USF Health’s Stephen B. Liggett, MD, was one of 30 scientists nationwide recently selected to join The Research Exemplar Project as a Biomedical Research Exemplar – recognition of his outstanding reputation as a leader whose high-impact, federally-funded research yields novel and reproducible results.

The Research Exemplar Project, based at Washington University School of Medicine, helps identify and share best practices that exemplars use to lead and manage their research laboratories with professionalism and integrity.  Exemplars, chosen through a competitive nomination process, receive an engraved award and will be featured on the program’s website later this summer.

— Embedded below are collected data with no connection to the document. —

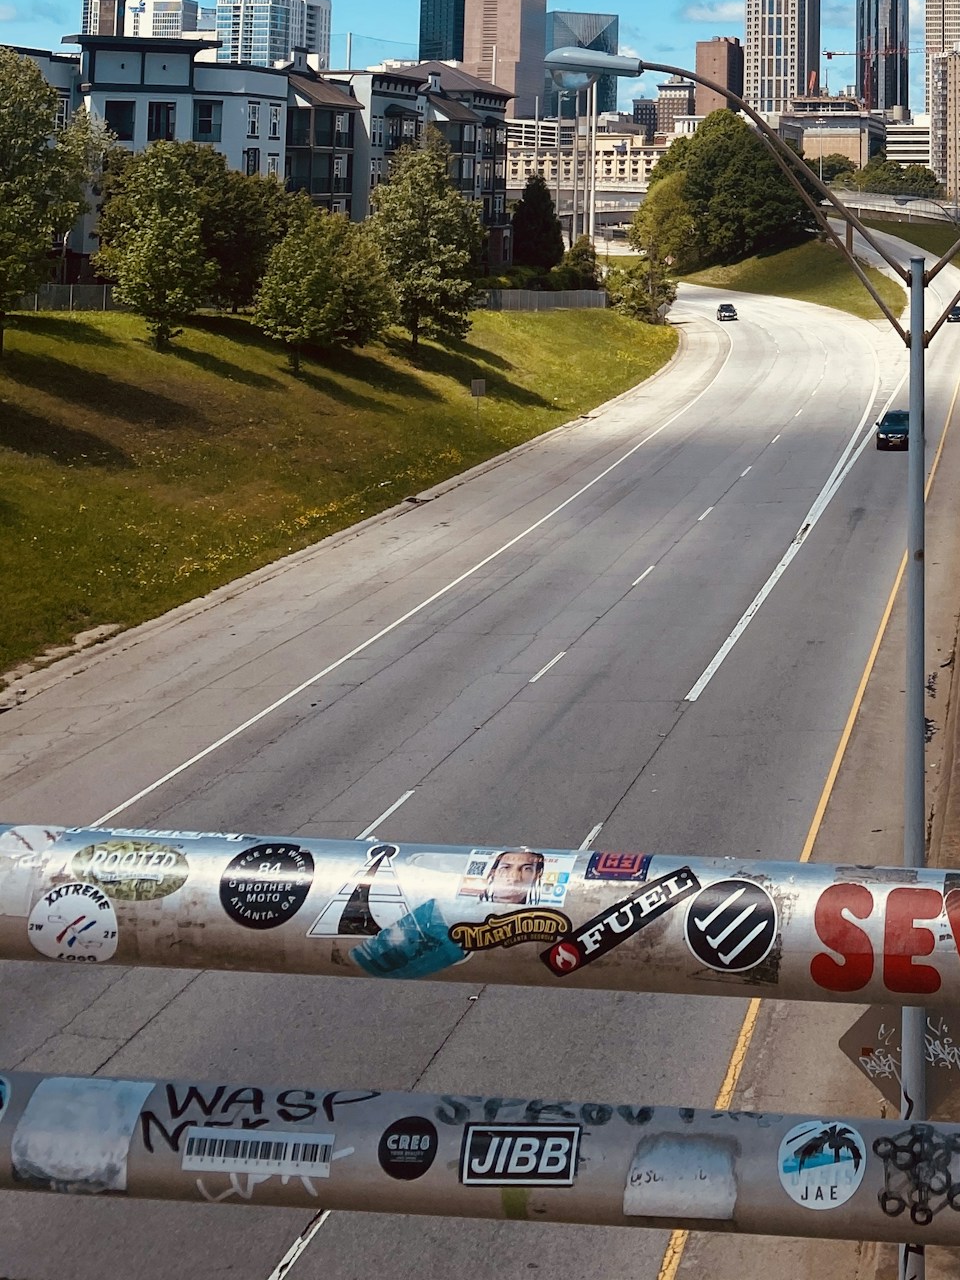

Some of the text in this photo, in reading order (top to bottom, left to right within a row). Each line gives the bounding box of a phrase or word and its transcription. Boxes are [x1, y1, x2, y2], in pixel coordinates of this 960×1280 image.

[84, 850, 177, 876] ROOTED
[258, 862, 282, 875] 84
[238, 882, 292, 892] BROTHER
[45, 883, 111, 911] XXTREME
[246, 893, 280, 903] MOTO
[281, 895, 296, 910] GA
[28, 923, 44, 931] 2W
[452, 912, 568, 948] MARY TODD
[103, 931, 117, 939] 2F
[471, 1137, 570, 1174] JIBB
[801, 1185, 838, 1201] JAE

Dr. Liggett is vice dean for research at the USF Health Morsani College of Medicine, associate vice president for research at USF Health, and a professor of internal medicine and of molecular pharmacology and physiology.  He and his team study the genetic, molecular biology, structure and function of G-protein coupled receptors, or GPCRs.  Malfunctions of GPCR signaling pathways are involved in many chronic diseases including asthma, diabetes and cardiovascular diseases, making this family of cell surface receptors (the largest in the human genome) an important drug target.  A better understanding of how the receptors work could enable the design of drugs that more precisely target the receptors with fewer side effects.

Stephen B. Liggett, MD, associate vice president of research at USF Health

Continuously funded by the National Institutes of Health for 27 years, Dr. Liggett has published 250 peer-reviewed papers, many highly cited and appearing in top journals such as Nature Medicine, Science, Proceedings of the National Academy of Sciences, and the New England Journal of Medicine.

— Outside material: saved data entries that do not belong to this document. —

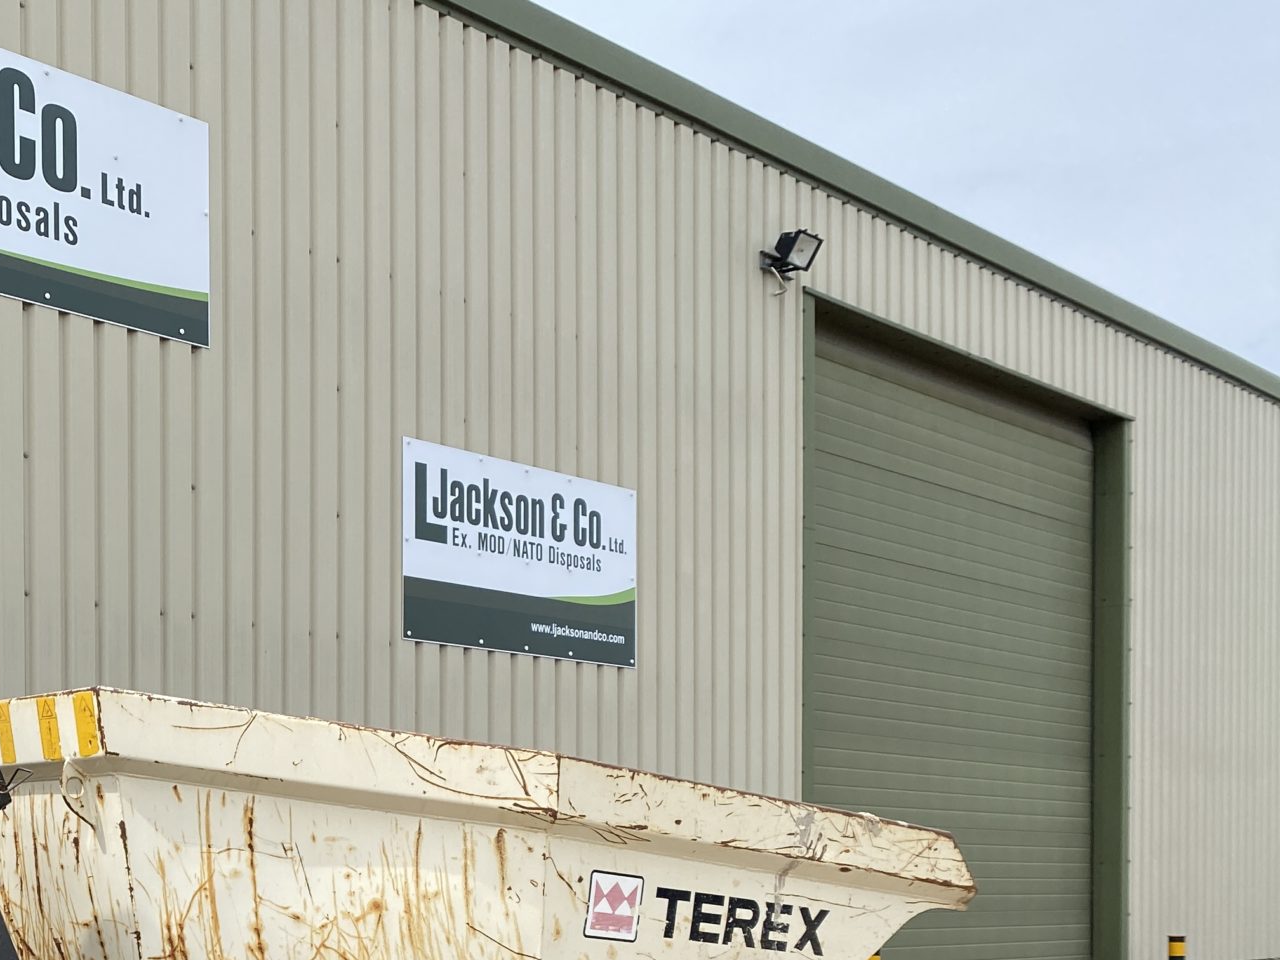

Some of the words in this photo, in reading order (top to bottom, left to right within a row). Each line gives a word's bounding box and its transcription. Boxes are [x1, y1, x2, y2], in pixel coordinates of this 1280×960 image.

[101, 172, 150, 218] Ltd.
[551, 493, 567, 542] &
[573, 497, 606, 551] Co.
[609, 537, 627, 555] Ltd.
[452, 527, 472, 549] Ex.
[477, 532, 543, 562] MOD/NATO
[548, 545, 602, 572] Disposals
[531, 622, 625, 645] www.ljacksonandco.com
[656, 886, 830, 957] TEREX

After observing dysfunctional GPCRs in rhinovirus-induced asthma, Dr. Liggett sequenced all known human rhinoviruses, a common cause of respiratory infections, to define the structure and evolution of human rhinovirus genomes. This groundbreaking published work, featured on the cover of Science, provided a framework for large-scale, genome-based epidemiological studies and the design of antiviral agents or vaccine development.

“Dr. Liggett’s published papers are typically ‘data-rich’ and approach a given hypothesis using multiple techniques, thereby providing a confluence of evidence for his conclusions.  His work has been replicated many times by others,” wrote Charles J. Lockwood, MD, senior vice president for USF Health and dean of the Morsani College of Medicine, in his nomination of Dr. Liggett for Biomedical Research Exemplar.

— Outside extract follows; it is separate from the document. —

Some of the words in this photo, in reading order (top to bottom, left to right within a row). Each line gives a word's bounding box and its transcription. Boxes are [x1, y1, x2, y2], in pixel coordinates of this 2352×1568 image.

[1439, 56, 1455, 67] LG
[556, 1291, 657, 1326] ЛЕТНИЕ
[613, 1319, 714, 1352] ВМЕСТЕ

“He is known to maintain strong leadership of his laboratory with intense scrutiny of data… Dr. Liggett exemplifies professionalism and integrity in his research activities.”

Dr. Liggett has formally mentored more than 35 PhD graduate students and postdoctoral fellows, many of whom have attained research positions in academic medicine or industry. He develops career paths for all members of his laboratory group and provides quarterly reviews for all personnel from technicians to junior faculty.

Dr. Liggett’s groundbreaking research sequencing all known human rhinoviruses, a common cause of respiratory infections, was featured on the April 3, 2009 cover of the journal Science.